* [Your instructions]: In your copy of the data, keep every word exact and include no pictures.

━━━━━ Given data

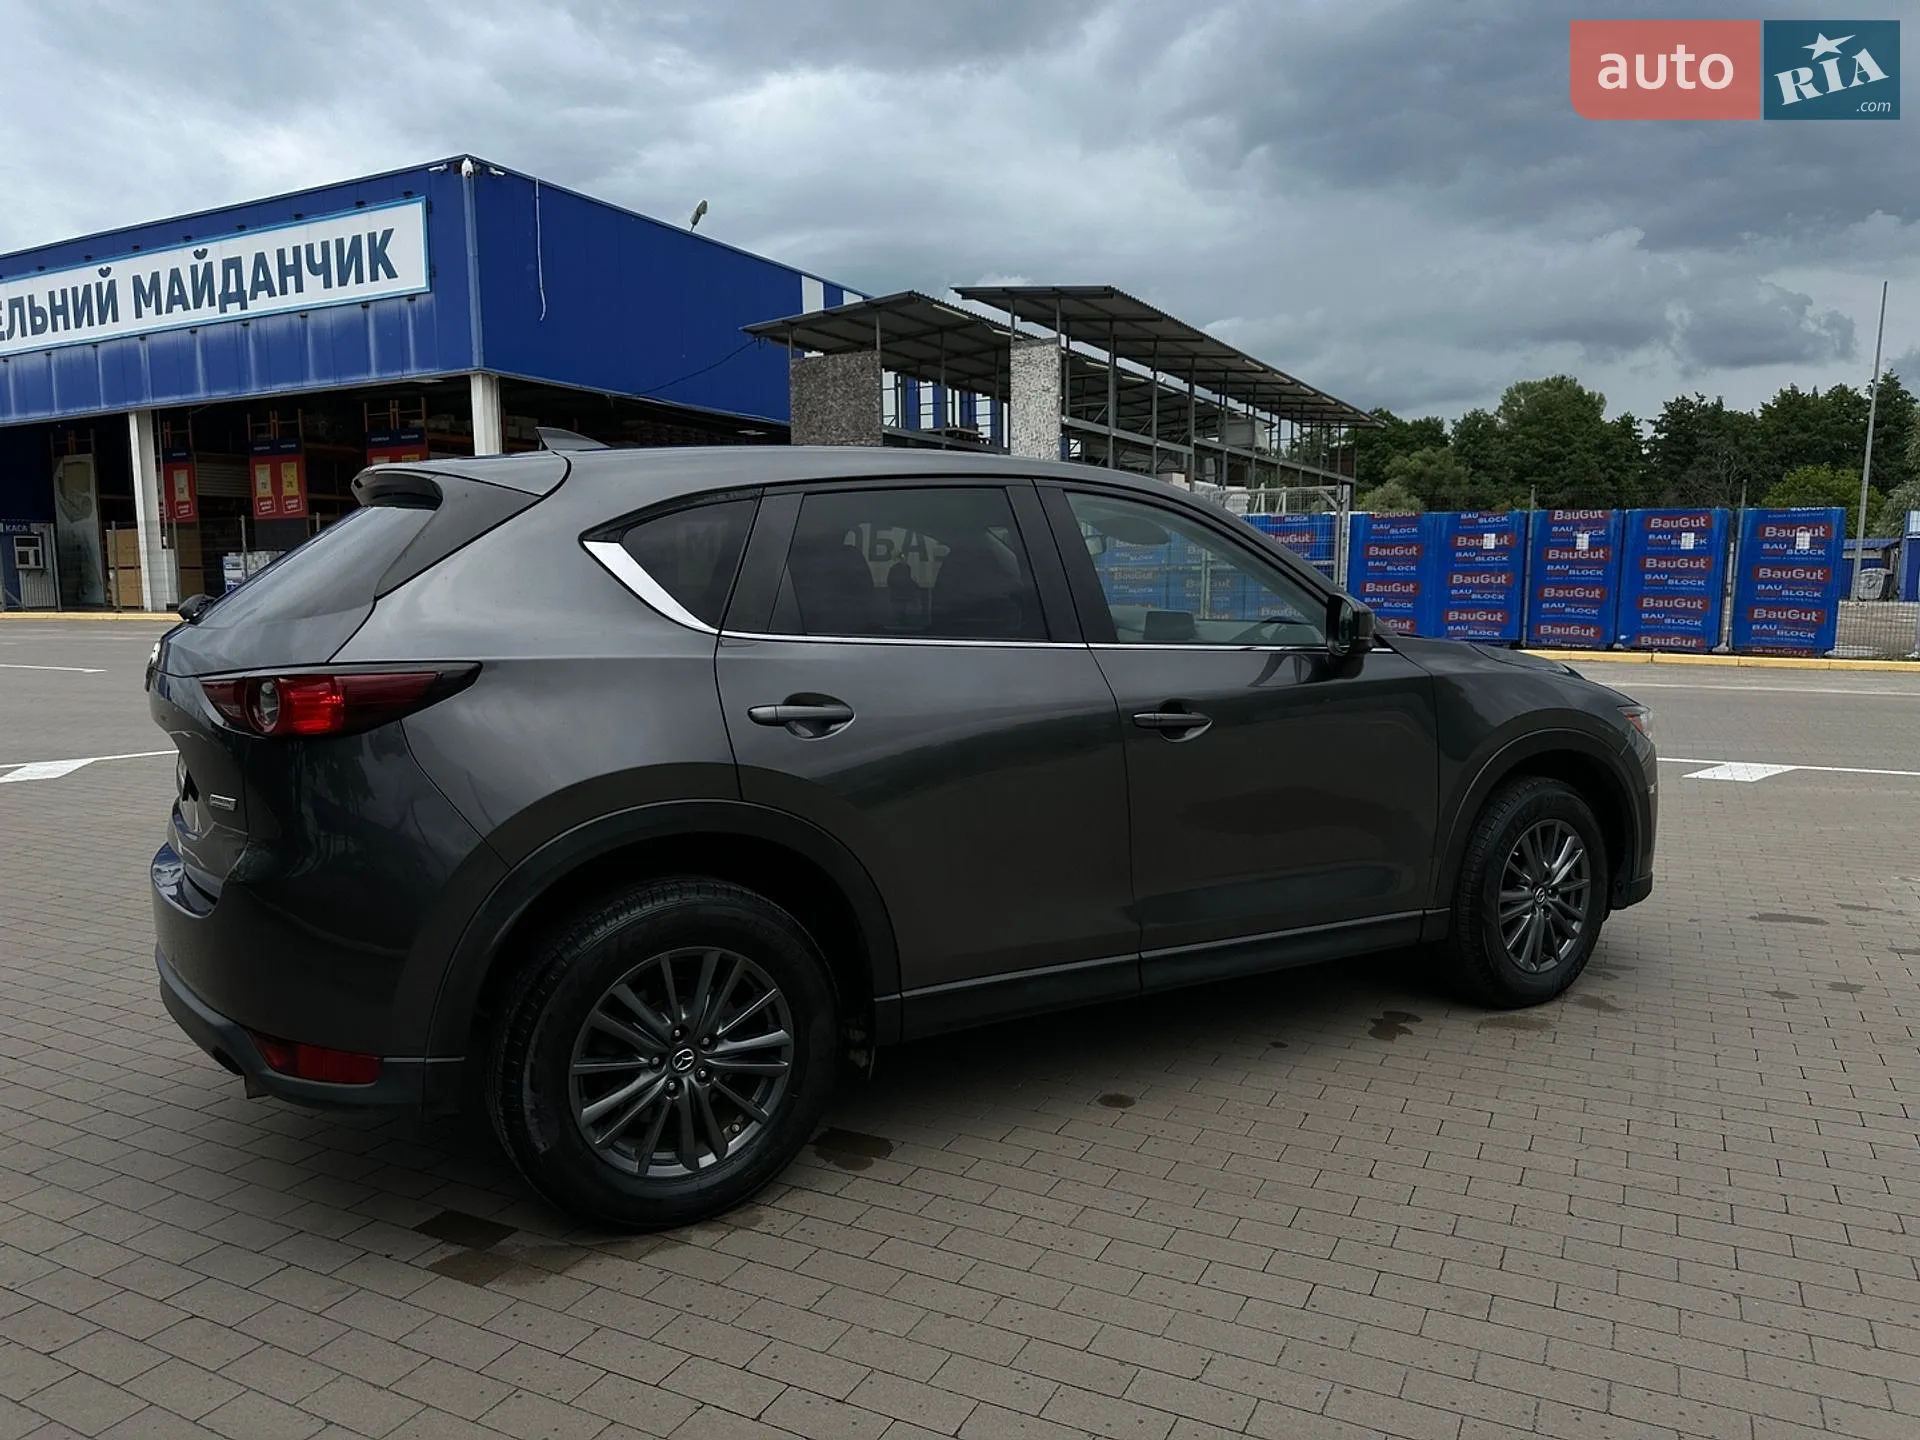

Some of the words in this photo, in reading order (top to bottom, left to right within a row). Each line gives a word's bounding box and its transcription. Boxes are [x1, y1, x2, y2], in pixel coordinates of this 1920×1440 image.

[132, 228, 398, 318] МАЙДАНЧИК
[1554, 510, 1604, 520] BauGut
[1651, 517, 1706, 528] BauGut
[6, 524, 28, 532] КАСА
[1457, 535, 1509, 546] Bauut
[1369, 546, 1417, 556] BauGut
[1548, 549, 1605, 559] BauGut
[1646, 558, 1705, 568] BauGut
[1453, 574, 1507, 584] BauGut
[1759, 568, 1824, 580] BauGut
[1365, 583, 1415, 593] BauGut
[1544, 588, 1601, 598] BauGut
[1643, 598, 1703, 609] BauGut
[1448, 611, 1503, 622] BauGut
[1753, 608, 1817, 621] BauGut
[1540, 625, 1595, 637] BauGut
[1640, 637, 1697, 647] BauGut
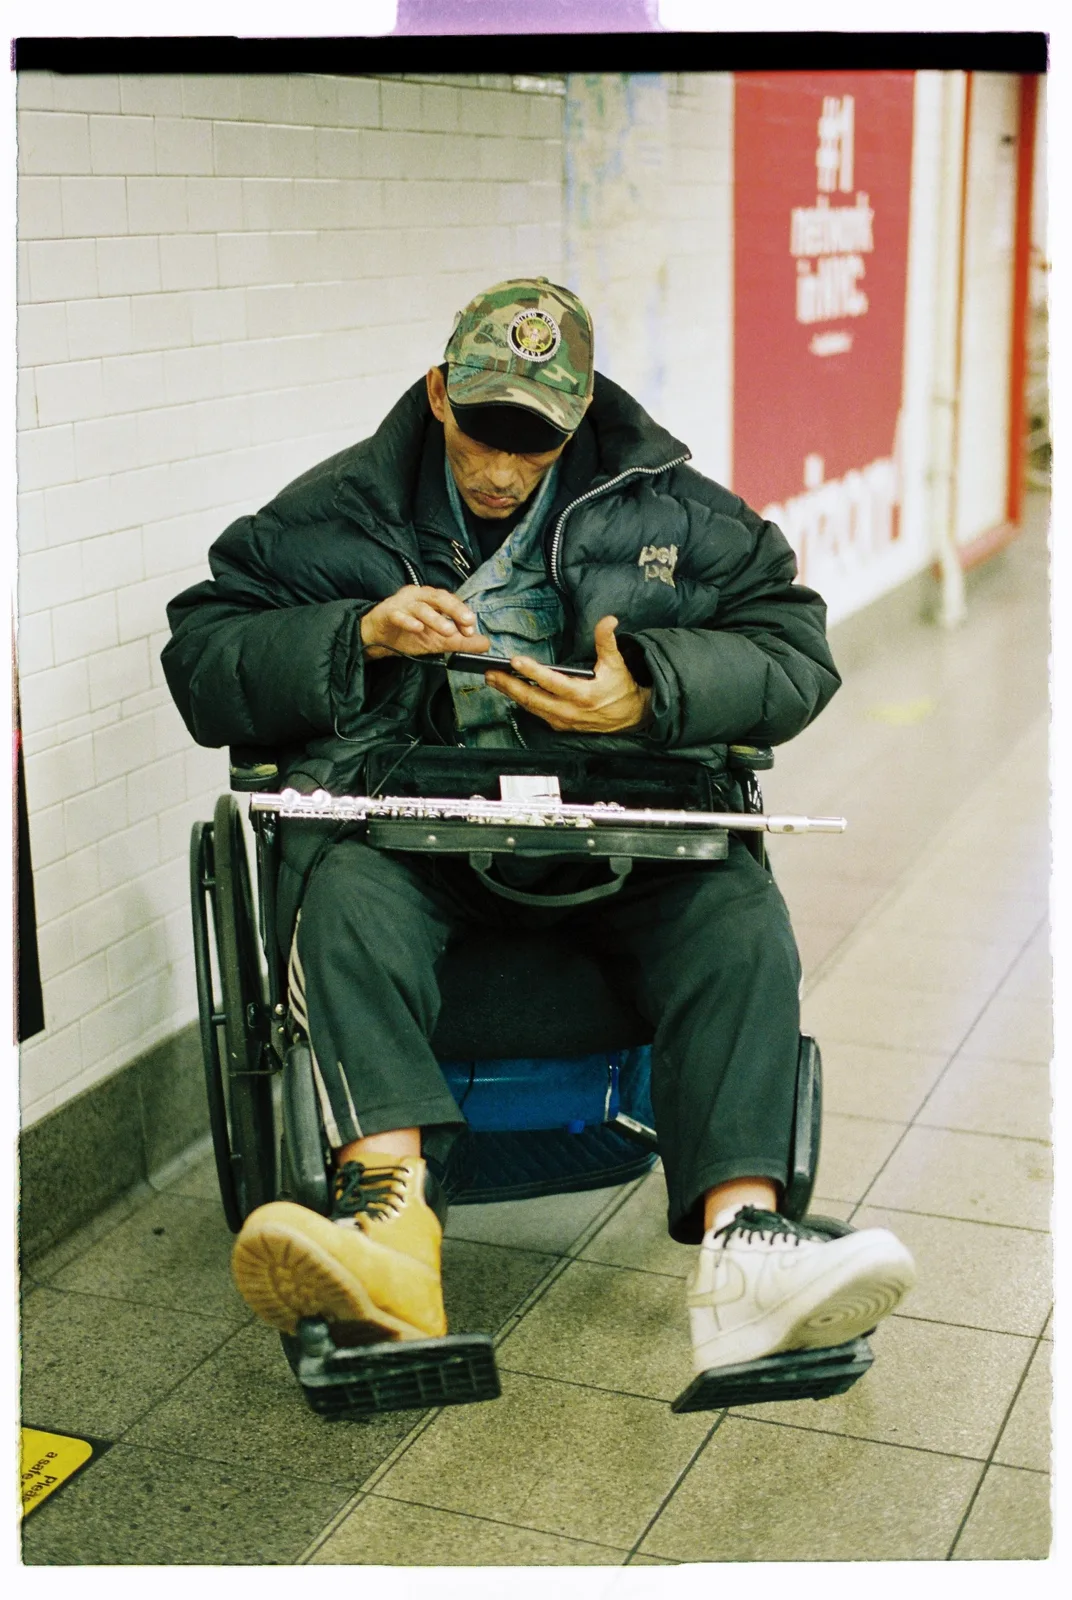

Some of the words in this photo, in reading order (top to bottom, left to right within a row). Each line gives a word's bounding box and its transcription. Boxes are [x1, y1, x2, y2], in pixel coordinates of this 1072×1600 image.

[815, 94, 855, 193] #1
[790, 190, 875, 256] network
[45, 1451, 58, 1460] a
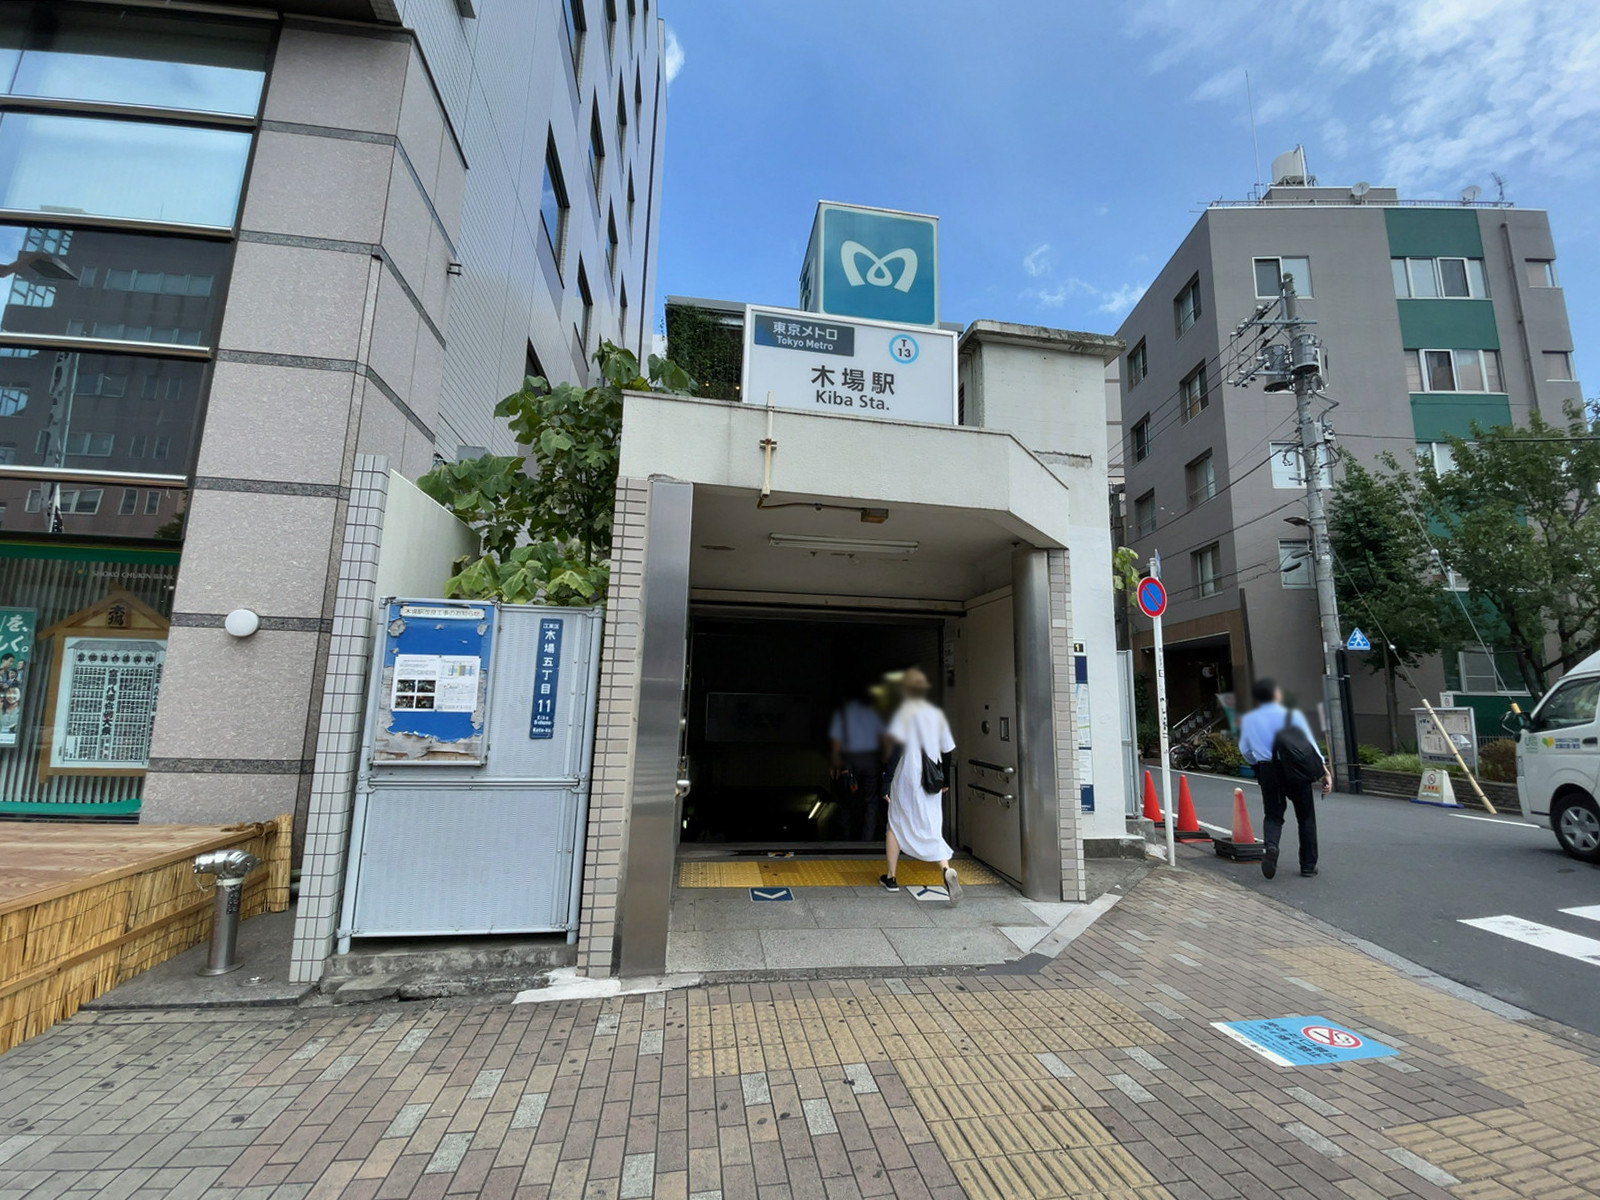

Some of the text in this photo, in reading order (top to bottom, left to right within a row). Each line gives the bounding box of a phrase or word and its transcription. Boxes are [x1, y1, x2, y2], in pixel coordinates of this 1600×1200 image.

[773, 320, 838, 341] 東京メトロ
[777, 335, 834, 351] Tokyo Metro
[901, 339, 908, 348] T
[898, 347, 911, 358] 13
[811, 365, 895, 395] 木場駅
[816, 390, 890, 411] Kiba Sta.
[540, 630, 556, 694] 木場五丁目
[538, 699, 551, 713] 11
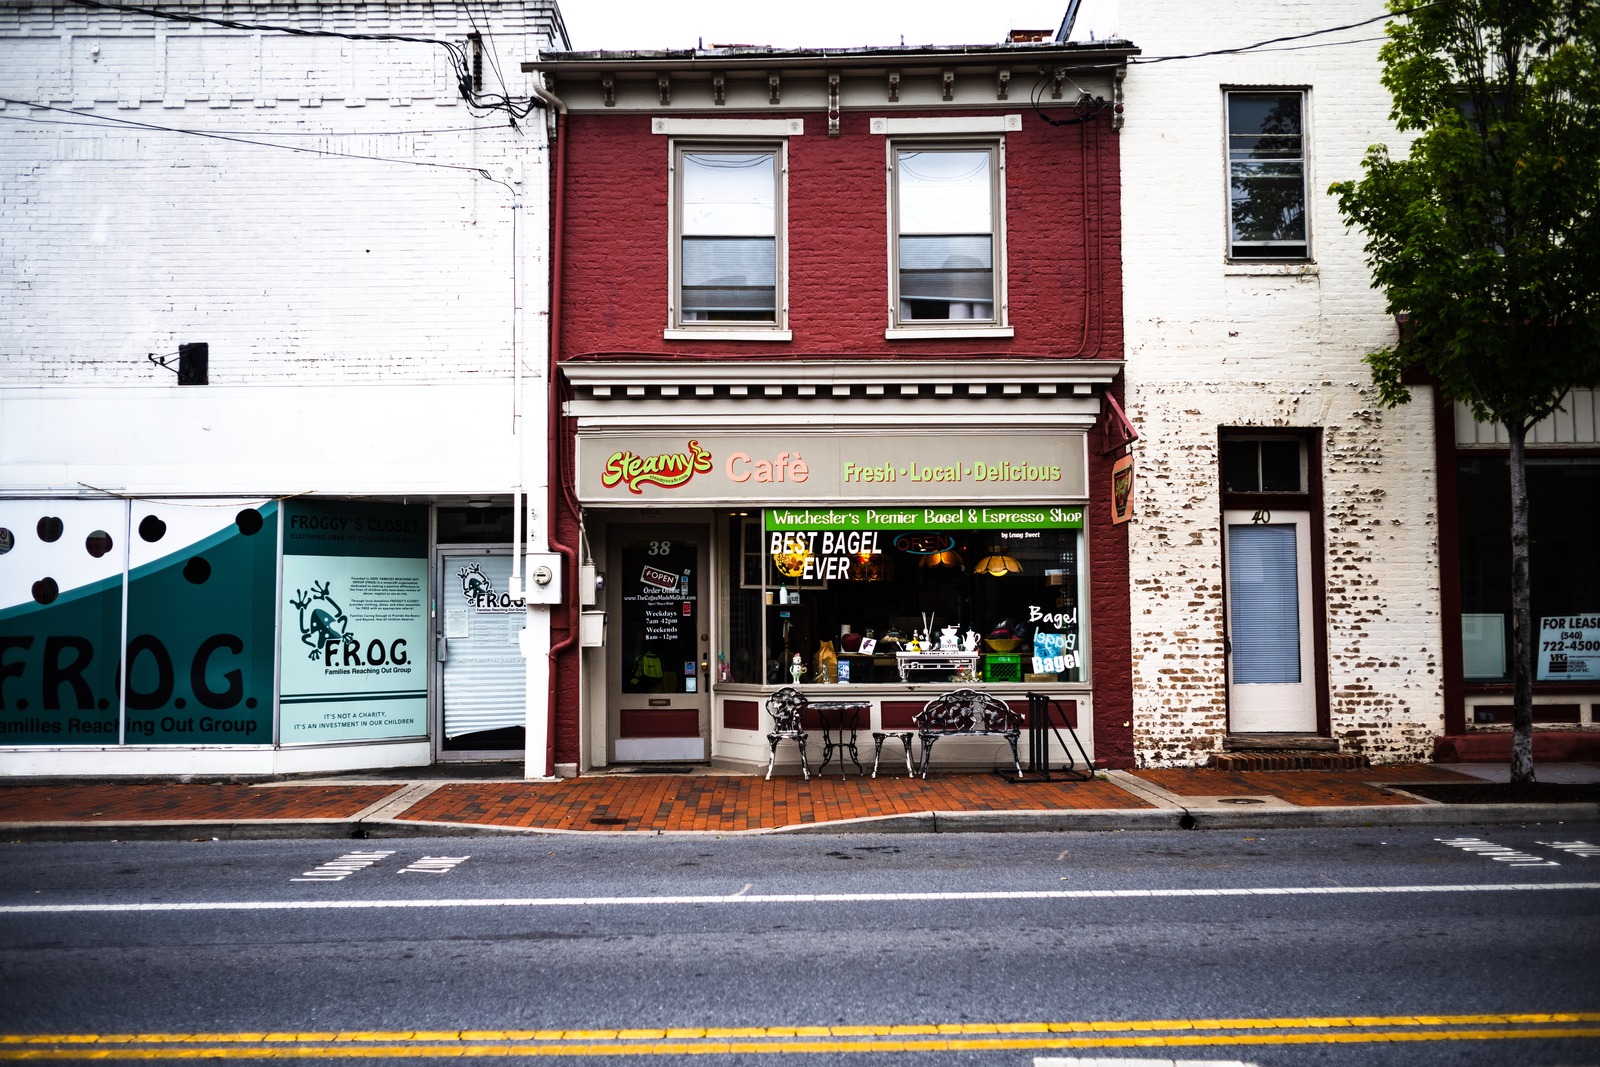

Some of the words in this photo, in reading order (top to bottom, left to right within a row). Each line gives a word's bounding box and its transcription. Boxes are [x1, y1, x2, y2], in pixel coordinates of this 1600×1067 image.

[602, 441, 712, 488] Steamy's
[843, 460, 896, 482] Fresh
[910, 461, 962, 482] Local
[974, 460, 1061, 482] Delicious
[290, 516, 362, 531] FROGGY'S
[368, 518, 420, 533] CLOSET
[773, 509, 860, 524] Winchester's
[866, 510, 918, 524] Premier
[968, 509, 978, 524] &
[982, 508, 1044, 524] Espresso
[1050, 508, 1082, 523] Shop
[1251, 510, 1270, 524] 40
[648, 541, 670, 556] 38
[770, 532, 819, 554] BEST
[822, 531, 882, 554] BAGEL
[896, 535, 948, 550] OPEN
[802, 557, 850, 580] EVER
[652, 572, 674, 584] OPEN
[1028, 605, 1077, 629] Bagel
[1543, 618, 1566, 630] FOR
[1561, 631, 1582, 640] (540)
[325, 638, 412, 666] F.R.O.G.
[1543, 641, 1600, 651] 722-4500
[1032, 650, 1080, 674] Bagel
[0, 718, 61, 733] amilies
[160, 717, 194, 732] Out
[199, 716, 257, 735] Group

━━━━━━━━━━

* [Task answer]:
Some of the words in this photo, in reading order (top to bottom, left to right within a row). Each line gives a word's bounding box and its transcription. Boxes are [x1, y1, x2, y2], in pixel coordinates of this 1920×1440 image.

[132, 228, 398, 318] МАЙДАНЧИК
[1554, 510, 1604, 520] BauGut
[1651, 517, 1706, 528] BauGut
[6, 524, 28, 532] КАСА
[1457, 535, 1509, 546] Bauut
[1369, 546, 1417, 556] BauGut
[1548, 549, 1605, 559] BauGut
[1646, 558, 1705, 568] BauGut
[1453, 574, 1507, 584] BauGut
[1759, 568, 1824, 580] BauGut
[1365, 583, 1415, 593] BauGut
[1544, 588, 1601, 598] BauGut
[1643, 598, 1703, 609] BauGut
[1448, 611, 1503, 622] BauGut
[1753, 608, 1817, 621] BauGut
[1540, 625, 1595, 637] BauGut
[1640, 637, 1697, 647] BauGut

Some of the words in this photo, in reading order (top to bottom, left to right within a row). Each line gives a word's bounding box and its transcription. Boxes are [x1, y1, x2, y2], in pixel coordinates of this 1072×1600 image.

[815, 94, 855, 193] #1
[790, 190, 875, 256] network
[45, 1451, 58, 1460] a

Some of the text in this photo, in reading order (top to bottom, left to right within a row). Each line gives the bounding box of a phrase or word and its transcription. Boxes are [x1, y1, x2, y2], in pixel coordinates of this 1600×1200 image.

[773, 320, 838, 341] 東京メトロ
[777, 335, 834, 351] Tokyo Metro
[901, 339, 908, 348] T
[898, 347, 911, 358] 13
[811, 365, 895, 395] 木場駅
[816, 390, 890, 411] Kiba Sta.
[540, 630, 556, 694] 木場五丁目
[538, 699, 551, 713] 11

Some of the words in this photo, in reading order (top to bottom, left to right within a row). Each line gives a word's bounding box and its transcription. Boxes are [x1, y1, x2, y2], in pixel coordinates of this 1600×1067 image.

[602, 441, 712, 488] Steamy's
[843, 460, 896, 482] Fresh
[910, 461, 962, 482] Local
[974, 460, 1061, 482] Delicious
[290, 516, 362, 531] FROGGY'S
[368, 518, 420, 533] CLOSET
[773, 509, 860, 524] Winchester's
[866, 510, 918, 524] Premier
[968, 509, 978, 524] &
[982, 508, 1044, 524] Espresso
[1050, 508, 1082, 523] Shop
[1251, 510, 1270, 524] 40
[648, 541, 670, 556] 38
[770, 532, 819, 554] BEST
[822, 531, 882, 554] BAGEL
[896, 535, 948, 550] OPEN
[802, 557, 850, 580] EVER
[652, 572, 674, 584] OPEN
[1028, 605, 1077, 629] Bagel
[1543, 618, 1566, 630] FOR
[1561, 631, 1582, 640] (540)
[325, 638, 412, 666] F.R.O.G.
[1543, 641, 1600, 651] 722-4500
[1032, 650, 1080, 674] Bagel
[0, 718, 61, 733] amilies
[160, 717, 194, 732] Out
[199, 716, 257, 735] Group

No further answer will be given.